How It Could Work In The NBA: Ok, so this wouldn’t be an “NBA thing”, per se, since the Pro Basketball Hall of Fame operates independently of the NBA and factors in contributions from college and international play as well as performance in the NBA. But the idea would be simple: create an honor above and beyond “Hall of Famer” to bestow on the most outstanding candidates. We can call them “Legends”, or “The Inner Circle”, or “The Pantheon”, to steal a Bill Simmons phrase. Whatever the title, it’s a way to separate the rank-and-file inductees from the greatest to ever do it.

For simplicity’s sake, I would limit the Legend designation to those who were inducted as Players (rather than as a Coach or as a Contributor), whose case is built entirely or primarily on their playing careers in the NBA (or its predecessor, the BAA) or the ABA. By my count, there are 139 inductees who meet these criteria (five of those — Vlade Divac, Toni Kukoc, Drazen Petrovic, Dino Radja, and Arvydas Sabonis — are arguably in because of their international careers, but they spent enough time in the NBA that we’ll include them). So if we stick with the AFL’s rule that only 10% of total inductees can qualify as Legends, that means we can select 14 current inductees for the honor.

So, who to pick? I imagine everyone will come up with a slightly different list depending on their personal criteria, but here is who I would go with, separated by what decade they are primarily associated with:

  • 1940s/1950s: George Mikan
  • 1960s: Wilt Chamberlain, Oscar Robertson, Bill Russell, Jerry West
  • 1970s: Kareem Abdul-Jabbar, Julius Erving
  • 1980s: Larry Bird, Magic Johnson
  • 1990s: Michael Jordan, Hakeem Olajuwon
  • 2000s: Kobe Bryant, Tim Duncan, Shaquille O’Neal

Erving is probably the last name to make the cut, but I wanted a second player from the 1970s, and it seems appropriate to honor the ABA by including its best-ever player. Apologies to Kevin Garnett, John Havlicek, and Karl Malone, among others. Looking forward, we’ll keep a seat warm for LeBron James (if he ever actually retires). Behind him, it looks like Stephen Curry and Kevin Durant will one day find their way in, with Giannis Antetokounmpo looming on the horizon 15 years or so down the road.

Why The NBA Should Steal It: The Naismith Hall of Fame has the same problem that all Hall of Fames do: it treats every inductee as if they’re equal, when you and I both know that they aren’t. Like, 2021 inductee Chris Webber had a great career, but treating him like he’s peers with Michael Jordan because he was finally able to get just enough votes to earn induction is just ridiculous, in my opinion. In my heart I’m very much a “small hall” person, who thinks that the Hall of Fame should be extremely selective about who it includes, and that letting in too many people dilutes the honor.

And I’m not trying to pick on Chris Webber here. He’s far from the least deserving inductee: if I was so inclined I could probably go through and point to at least 30 of the 139 inductees I mentioned above who, in my opinion, probably don’t deserve to be there.

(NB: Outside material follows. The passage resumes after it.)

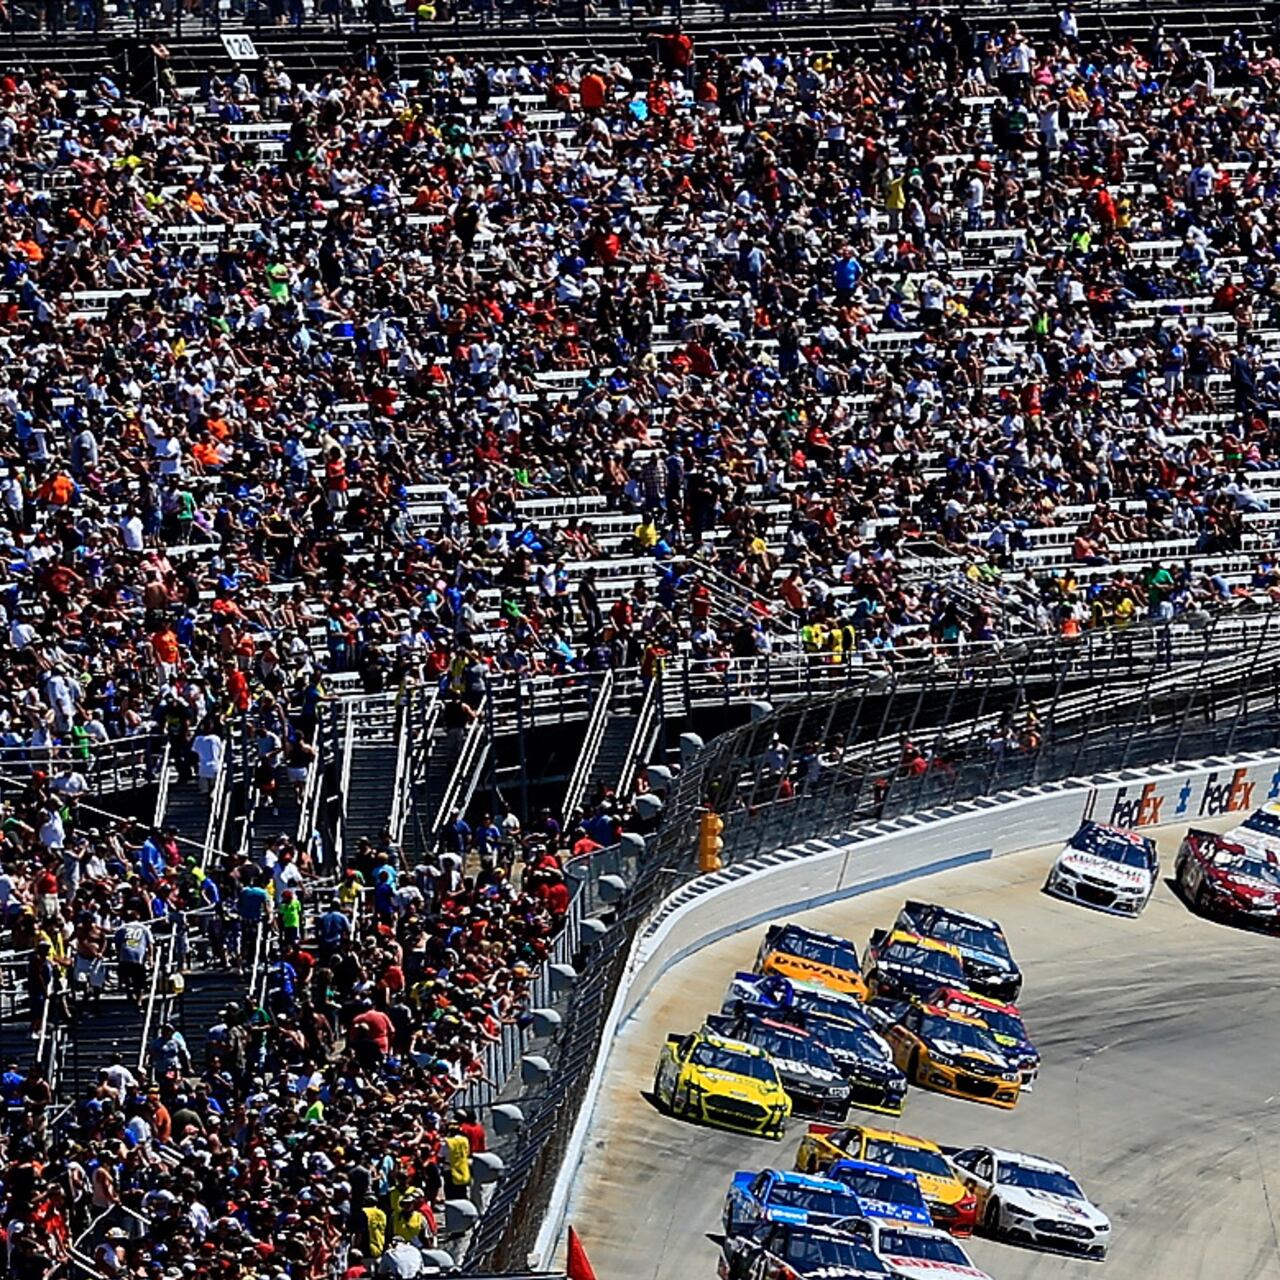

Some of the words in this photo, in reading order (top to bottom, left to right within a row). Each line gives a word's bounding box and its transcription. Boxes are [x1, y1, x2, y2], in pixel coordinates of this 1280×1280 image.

[226, 38, 254, 56] 120
[1110, 783, 1164, 827] FedEx
[1199, 768, 1256, 816] FedEx

That would be a futile exercise, of course. Those men are in, and they aren’t ever going to be removed. And the Hall of Fame, given its opaque election process and its need to keep bringing in new inductees to stay in the headlines, probably isn’t going to suddenly raise its standards anytime soon.

So creating a “Legends” wing would be, effectively, a compromise: we can set the Legends apart from everyone else, to make the “small hall” folks like me happy, and then the Hall can induct new players without having to pretend they’re on the same level as Wilt Chamberlain. That way, when borderline candidates do get inducted we don’t have to worry about the Hall being excessively diluted. The Legends will remain a highly exclusive club, unaffected if someone like Mitch Richmond is let into the rank-and-file.

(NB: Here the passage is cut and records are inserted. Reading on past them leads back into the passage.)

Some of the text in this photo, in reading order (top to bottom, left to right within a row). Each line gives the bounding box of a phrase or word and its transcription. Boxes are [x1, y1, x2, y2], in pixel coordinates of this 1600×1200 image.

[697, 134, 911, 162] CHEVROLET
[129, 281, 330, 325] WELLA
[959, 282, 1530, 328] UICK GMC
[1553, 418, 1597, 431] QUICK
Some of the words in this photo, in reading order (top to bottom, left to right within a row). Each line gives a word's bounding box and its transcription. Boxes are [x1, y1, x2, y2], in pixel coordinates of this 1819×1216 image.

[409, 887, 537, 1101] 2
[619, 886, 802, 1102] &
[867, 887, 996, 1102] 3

Is it imperfect? Yes; ideally the Hall of Fame would just stop letting in weak candidates. Would egos be hurt? Absolutely; I don’t imagine a competitor like Kevin Garnett would appreciate being left out of the Legends circle. But it gets us closer to where we want to be, toward a Hall that more appropriately honors the best to ever do it. And hey, it would give us NBA fans one more thing to argue about. Isn’t that what we all want, at the end of the day?